ASSIGNMENT
Without any pictures, copy the records below once more, exactly as they are.

Phrase grounding data

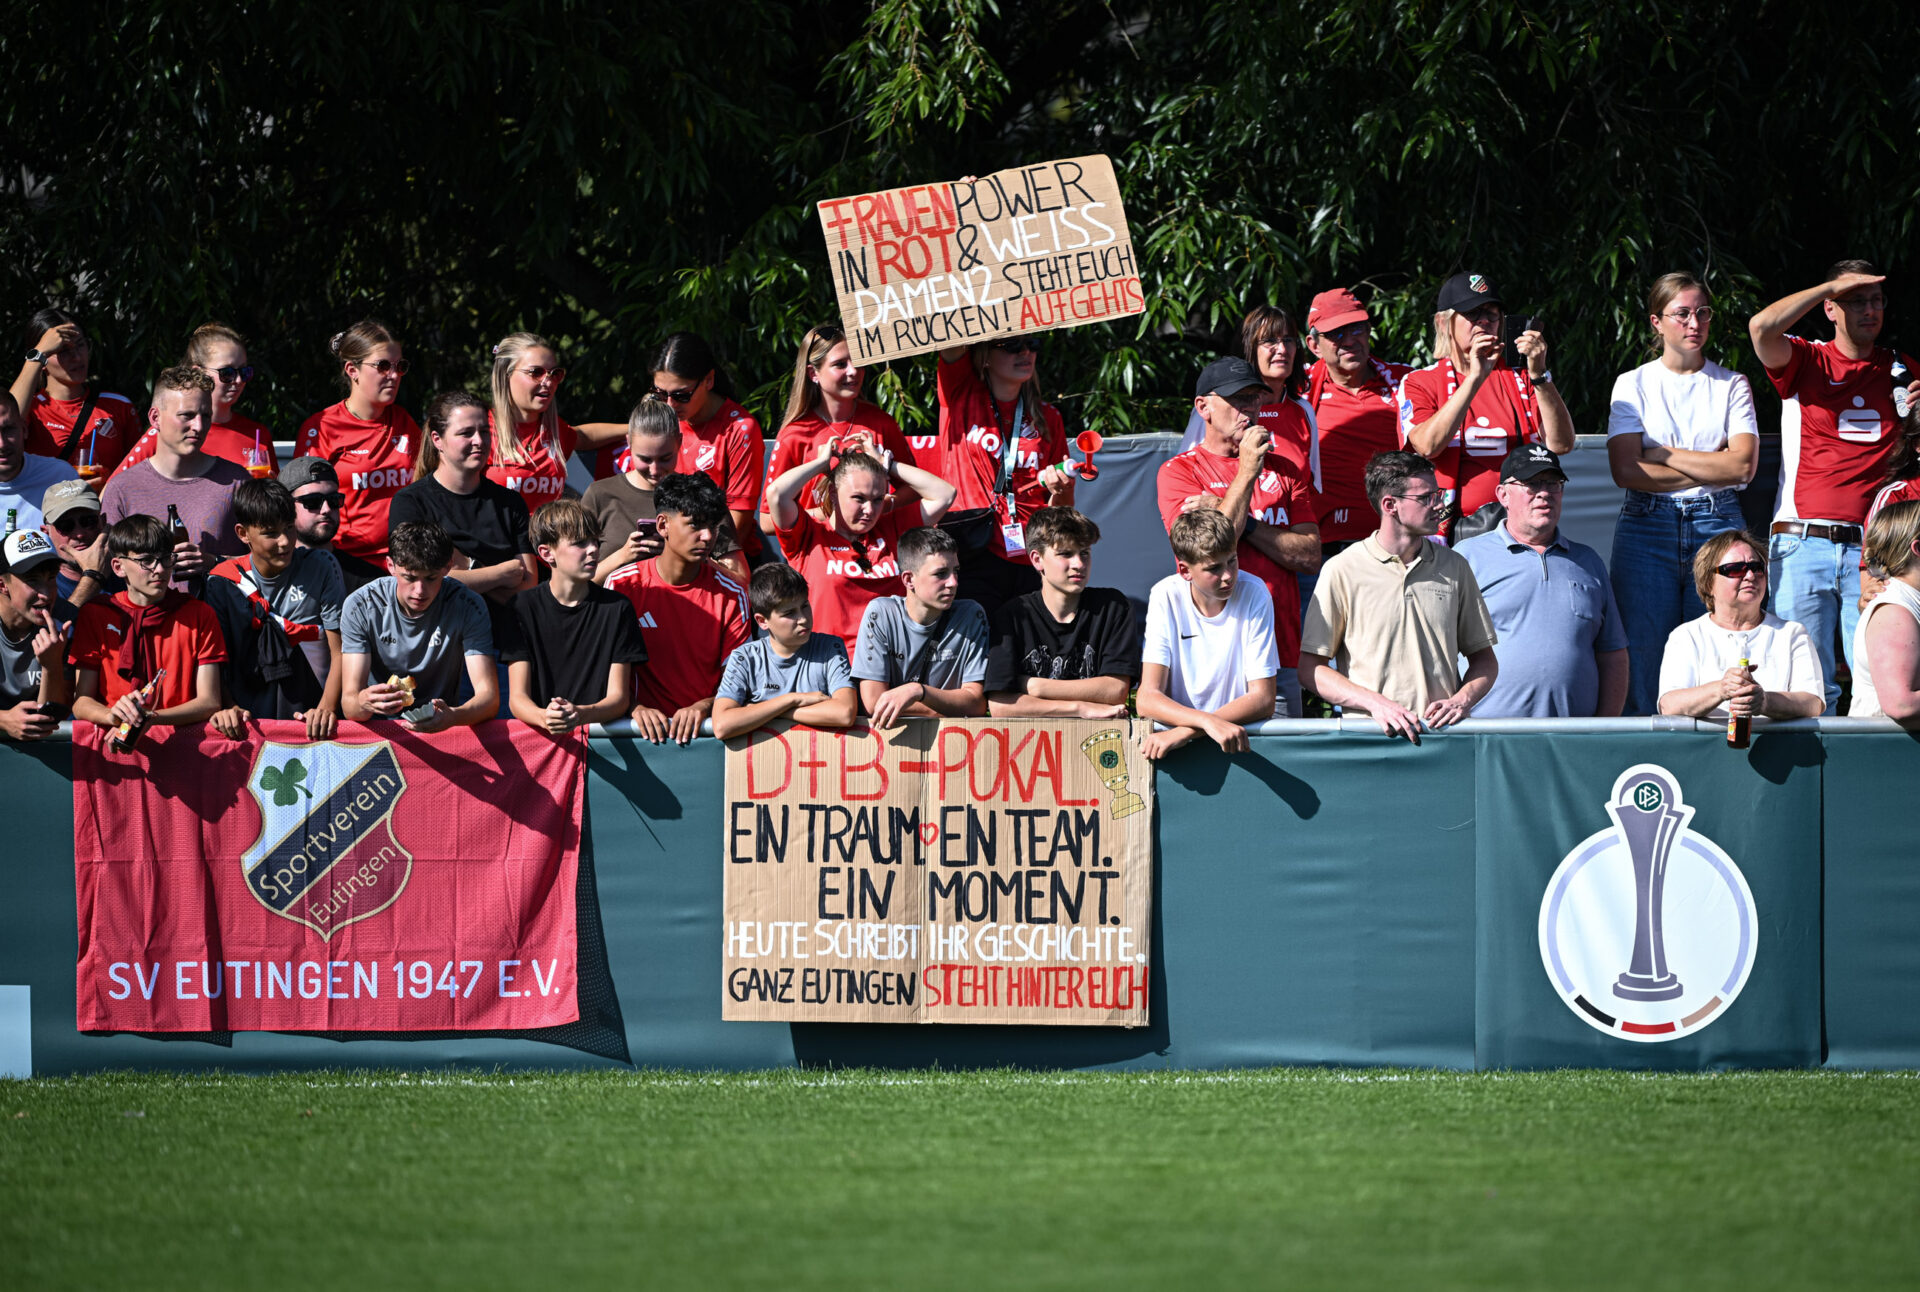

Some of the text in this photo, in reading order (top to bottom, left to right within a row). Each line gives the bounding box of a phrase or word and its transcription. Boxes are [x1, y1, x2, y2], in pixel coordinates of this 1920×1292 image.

[837, 202, 1116, 294] IN ROT & WEISS
[1002, 254, 1075, 302] STEHT
[1077, 244, 1135, 284] EUCH
[856, 326, 885, 359] IM
[1529, 456, 1552, 464] adidas
[1334, 508, 1349, 524] MJ
[763, 682, 780, 690] JAKO
[259, 772, 397, 902] Sportverein
[730, 802, 789, 864] EIN
[940, 803, 996, 867] EIN
[1004, 808, 1113, 867] TEAM.
[308, 844, 397, 925] Eutingen
[818, 866, 1121, 926] EIN MOMENT.
[728, 919, 1146, 963] HEUTE SCHREIBT IHR GESCHICHTE.
[108, 958, 560, 1001] SV EUTINGEN 1947 E.V.
[728, 967, 795, 1003] GANZ
[923, 963, 1004, 1007] STEHT
[1006, 966, 1084, 1009] HINTER
[1087, 965, 1149, 1011] EUCH

EXERCISE OUTPUT
Some of the text in this photo, in reading order (top to bottom, left to right within a row). Each line gives the bounding box of a phrase or word and its transcription. Boxes are [x1, y1, x2, y2], in pixel coordinates of this 1920×1292 image.

[837, 202, 1116, 294] IN ROT & WEISS
[1002, 254, 1075, 302] STEHT
[1077, 244, 1135, 284] EUCH
[856, 326, 885, 359] IM
[1529, 456, 1552, 464] adidas
[1334, 508, 1349, 524] MJ
[763, 682, 780, 690] JAKO
[259, 772, 397, 902] Sportverein
[730, 802, 789, 864] EIN
[940, 803, 996, 867] EIN
[1004, 808, 1113, 867] TEAM.
[308, 844, 397, 925] Eutingen
[818, 866, 1121, 926] EIN MOMENT.
[728, 919, 1146, 963] HEUTE SCHREIBT IHR GESCHICHTE.
[108, 958, 560, 1001] SV EUTINGEN 1947 E.V.
[728, 967, 795, 1003] GANZ
[923, 963, 1004, 1007] STEHT
[1006, 966, 1084, 1009] HINTER
[1087, 965, 1149, 1011] EUCH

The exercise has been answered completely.